What do we do when one person’s “history” is another person’s pain?

Like many people, I am fascinated by Civil War history. I confess that in 1990 I sat transfixed during every episode of the PBS Ken Burns documentary. I have spent hours touring historic battlegrounds in Georgia, Tennessee and Mississippi, and have lingered in solemn silence at the large Confederate and National Cemeteries in Marietta, GA, reflecting on what those buried there endured. As a kid, instead of “army men,” I played with a “Blue and Gray Battle Set,” spending many happy hours staging battles with plastic horses, swords, cannons, and dozens of blue and gray uniformed soldiers in various poses. I have in my personal collection a Confederate dollar bill (probably fake) and a small cannonball found years ago near a southern battlefield. I have visited Robert E. Lee’s home in Arlington, Virginia, standing on his porch overlooking Washington, and wondering what kind of heartbreak he felt in choosing to side with his home state over the nation he loved. A Texas native, I have in my own family tree forefathers who stood ready to defend their postage stamp-sized homesteads from what they believed was “northern aggression,” trying to save their livelihoods and families. There is no getting around it: I was born and grew up a white Southerner.

I do not apologize for that, but I do apologize for the actions and beliefs of my ancestors. Though they were not slave owners, I have reason to assume that they, at least by proxy, defended the institution. Any doubts that slavery was the centerpiece of the Confederacy vanished when I read what Confederate President Jefferson Davis said was the reason his state seceded from the Union: “…the sacred Declaration of Independence has been invoked (by the Union) to maintain the position of the equality of the races.” Davis’s vice president Alexander Stephens called slavery the “cornerstone” of the Confederacy, adding that it “was the immediate cause of the late rupture and present revolution.” In outlining its reasons for seceding, the state of Mississippi declared, “Our position is thoroughly identified with the institution of slavery– the greatest material interest of the world.”

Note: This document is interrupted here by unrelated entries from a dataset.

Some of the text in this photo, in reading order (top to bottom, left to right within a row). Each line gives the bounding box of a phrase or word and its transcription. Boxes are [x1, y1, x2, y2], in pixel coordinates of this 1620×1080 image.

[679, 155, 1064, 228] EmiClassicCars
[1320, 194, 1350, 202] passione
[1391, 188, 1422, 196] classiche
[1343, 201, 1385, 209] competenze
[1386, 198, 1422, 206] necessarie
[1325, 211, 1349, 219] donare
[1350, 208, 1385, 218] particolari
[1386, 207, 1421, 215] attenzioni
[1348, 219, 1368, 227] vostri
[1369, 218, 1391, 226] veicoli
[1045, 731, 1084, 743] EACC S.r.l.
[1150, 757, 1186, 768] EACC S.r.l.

Like many who are proud to call themselves Americans, I believe that great gain often comes through great pain. The sacrifices during the Civil War, the Revolutionary War and World Wars I and II eventually brought benefit that justified the pain. So when something causes so many people injury, we have to ask, “Is the gain worth it? Does the greater good warrant the suffering?“ We see many cases in which it does. But what about the issue of bestowing honor to Confederate warriors and symbols?

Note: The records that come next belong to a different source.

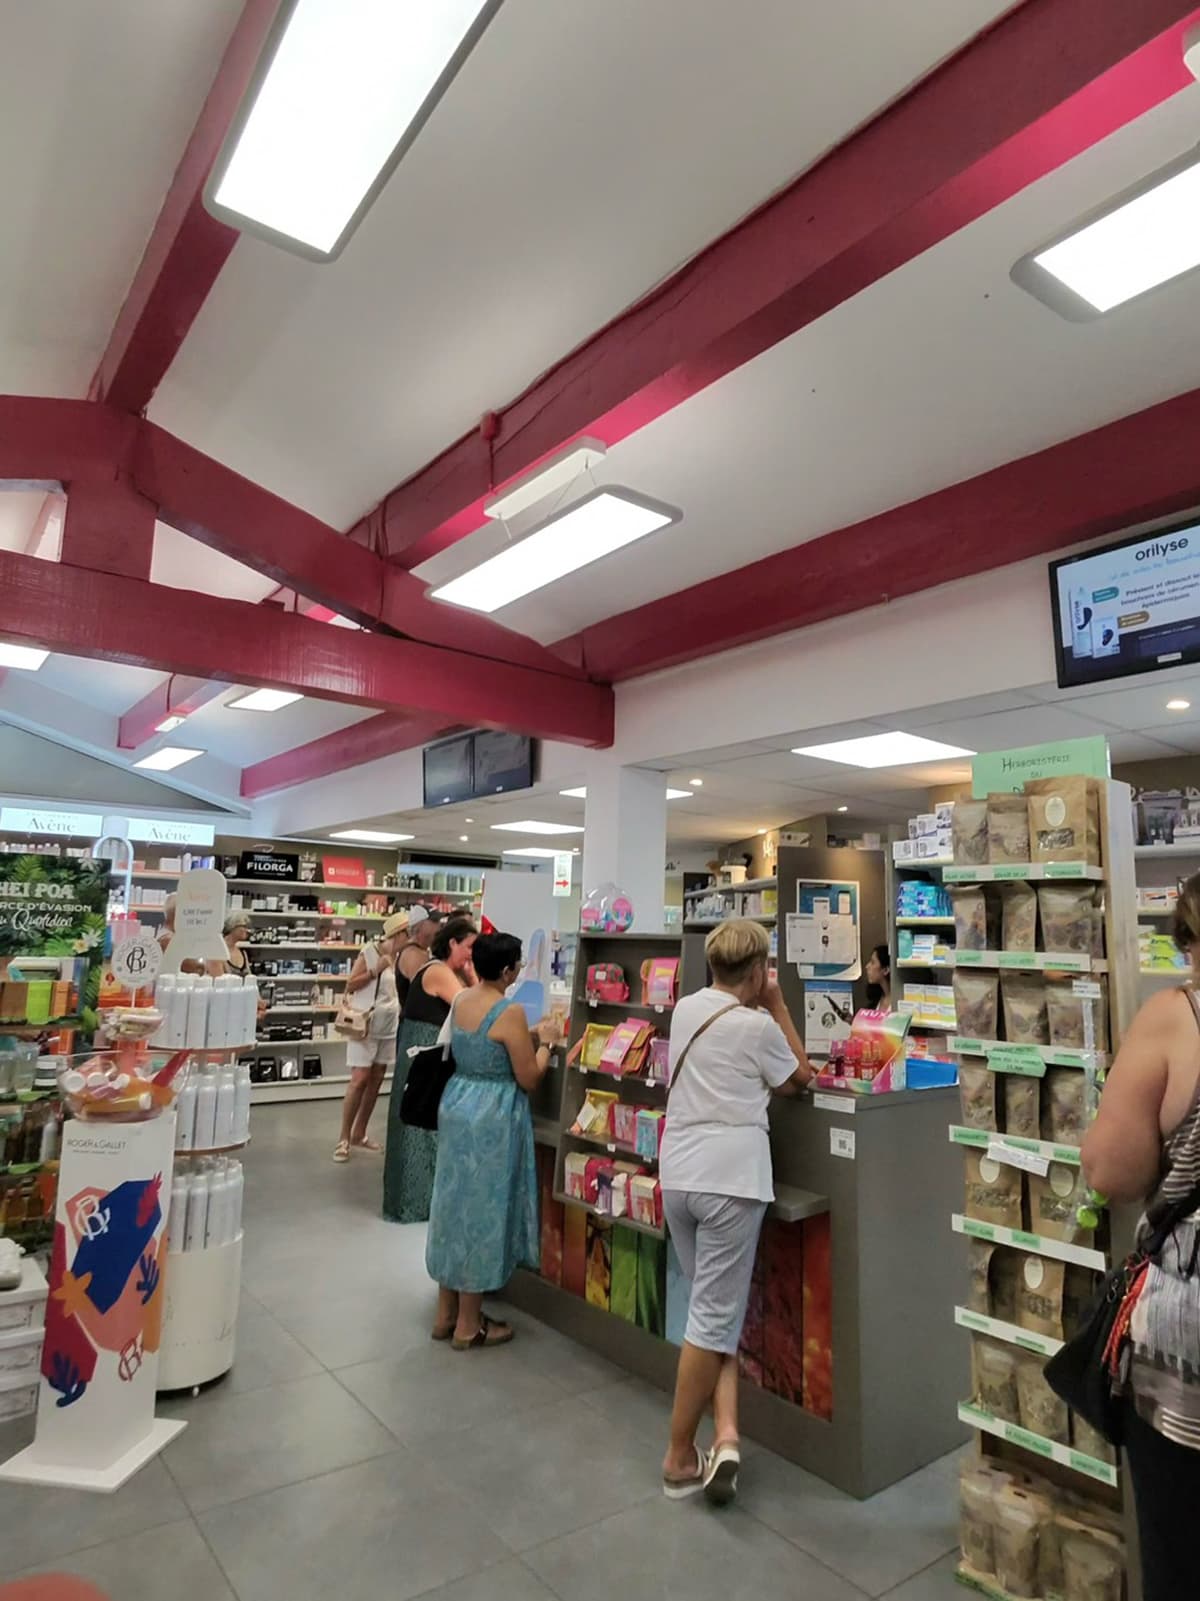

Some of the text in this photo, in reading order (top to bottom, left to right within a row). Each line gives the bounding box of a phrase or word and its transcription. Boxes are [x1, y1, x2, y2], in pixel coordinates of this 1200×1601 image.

[1135, 538, 1189, 561] orilyse
[29, 817, 77, 833] Avène
[148, 827, 192, 841] Avène
[246, 861, 293, 873] FILORGA
[34, 883, 76, 899] POA
[860, 1010, 890, 1018] NUX

Statues and memorials to honor Confederate leaders are common where I live. One of the main thoroughfares in my neighborhood is named after a prominent Confederate general. There is a memorial to him in the nearby county seat. A few miles away, thousands of commuters every day pass an oversized statue of another Southern general, one who went on to become the first Grand Wizard of the Ku Klux Klan.

There are an estimated 1,503 such monuments and memorials in our country. But more Americans are asking hard questions about the value of calling “heroic” an ideology dedicated to the oppression of fellow humans made in the image of God. To most black Americans, these memorials are a painful reminder of the suffering their ancestors endured, an abuse whose shadow still falls over everyday life. What they find particularly cruel is that many of these relics were placed in their prominent locations within our lifetimes, the timing of their creation roughly coinciding with the enactment of Jim Crow laws that limited the rights of black Americans, and again during historic civil rights struggles of the 1950s and 60s. In doing so, the Confederate emblems apparently served a dual purpose, not only honoring the South and its antebellum ideals, but also serving as an in-your-face protest against attempts at civil rights reform.

Because of the hurt these reminders bring to people I know, I have been wondering if there exists any objective reasoning for how such symbols contribute to the greater good of the American people. What do we gain from them that excuses the imposition of pain on so many people? As fascinating as that period of our history is, I have thus far heard no convincing evidence for how praising the convictions of the Confederacy brings any shared gain, particularly when we recognize that many of those monuments were erected with the specific intent to inflict pain on those striving for justice decades after the Civil War.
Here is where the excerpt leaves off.